EXERCISE DATA
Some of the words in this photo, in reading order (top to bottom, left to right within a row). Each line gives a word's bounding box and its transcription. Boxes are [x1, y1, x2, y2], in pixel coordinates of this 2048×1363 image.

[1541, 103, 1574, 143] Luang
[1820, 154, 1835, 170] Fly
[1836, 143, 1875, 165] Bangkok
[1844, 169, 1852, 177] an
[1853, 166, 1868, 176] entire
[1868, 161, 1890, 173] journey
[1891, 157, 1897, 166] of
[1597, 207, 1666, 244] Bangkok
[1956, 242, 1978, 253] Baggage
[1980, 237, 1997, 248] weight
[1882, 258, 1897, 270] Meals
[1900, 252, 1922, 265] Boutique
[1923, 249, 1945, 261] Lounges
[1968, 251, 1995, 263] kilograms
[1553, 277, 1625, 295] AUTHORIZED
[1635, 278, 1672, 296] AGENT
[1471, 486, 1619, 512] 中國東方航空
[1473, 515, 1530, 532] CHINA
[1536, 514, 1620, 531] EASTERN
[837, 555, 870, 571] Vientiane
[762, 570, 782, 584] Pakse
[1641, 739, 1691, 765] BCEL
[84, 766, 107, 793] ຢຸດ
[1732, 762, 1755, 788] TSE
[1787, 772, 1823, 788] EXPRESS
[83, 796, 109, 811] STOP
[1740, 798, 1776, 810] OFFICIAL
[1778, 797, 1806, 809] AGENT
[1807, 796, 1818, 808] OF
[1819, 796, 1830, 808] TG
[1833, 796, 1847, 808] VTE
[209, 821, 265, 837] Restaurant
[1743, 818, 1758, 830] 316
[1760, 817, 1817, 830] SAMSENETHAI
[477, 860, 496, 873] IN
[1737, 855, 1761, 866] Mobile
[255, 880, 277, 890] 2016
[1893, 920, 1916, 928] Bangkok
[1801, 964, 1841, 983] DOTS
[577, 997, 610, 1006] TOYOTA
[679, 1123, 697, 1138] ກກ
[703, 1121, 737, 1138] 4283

TASK ITEM
Restate the records above word for word, omitting nothing.

OUTPUT FOR THIS EXERCISE
Some of the words in this photo, in reading order (top to bottom, left to right within a row). Each line gives a word's bounding box and its transcription. Boxes are [x1, y1, x2, y2], in pixel coordinates of this 2048×1363 image.

[1541, 103, 1574, 143] Luang
[1820, 154, 1835, 170] Fly
[1836, 143, 1875, 165] Bangkok
[1844, 169, 1852, 177] an
[1853, 166, 1868, 176] entire
[1868, 161, 1890, 173] journey
[1891, 157, 1897, 166] of
[1597, 207, 1666, 244] Bangkok
[1956, 242, 1978, 253] Baggage
[1980, 237, 1997, 248] weight
[1882, 258, 1897, 270] Meals
[1900, 252, 1922, 265] Boutique
[1923, 249, 1945, 261] Lounges
[1968, 251, 1995, 263] kilograms
[1553, 277, 1625, 295] AUTHORIZED
[1635, 278, 1672, 296] AGENT
[1471, 486, 1619, 512] 中國東方航空
[1473, 515, 1530, 532] CHINA
[1536, 514, 1620, 531] EASTERN
[837, 555, 870, 571] Vientiane
[762, 570, 782, 584] Pakse
[1641, 739, 1691, 765] BCEL
[84, 766, 107, 793] ຢຸດ
[1732, 762, 1755, 788] TSE
[1787, 772, 1823, 788] EXPRESS
[83, 796, 109, 811] STOP
[1740, 798, 1776, 810] OFFICIAL
[1778, 797, 1806, 809] AGENT
[1807, 796, 1818, 808] OF
[1819, 796, 1830, 808] TG
[1833, 796, 1847, 808] VTE
[209, 821, 265, 837] Restaurant
[1743, 818, 1758, 830] 316
[1760, 817, 1817, 830] SAMSENETHAI
[477, 860, 496, 873] IN
[1737, 855, 1761, 866] Mobile
[255, 880, 277, 890] 2016
[1893, 920, 1916, 928] Bangkok
[1801, 964, 1841, 983] DOTS
[577, 997, 610, 1006] TOYOTA
[679, 1123, 697, 1138] ກກ
[703, 1121, 737, 1138] 4283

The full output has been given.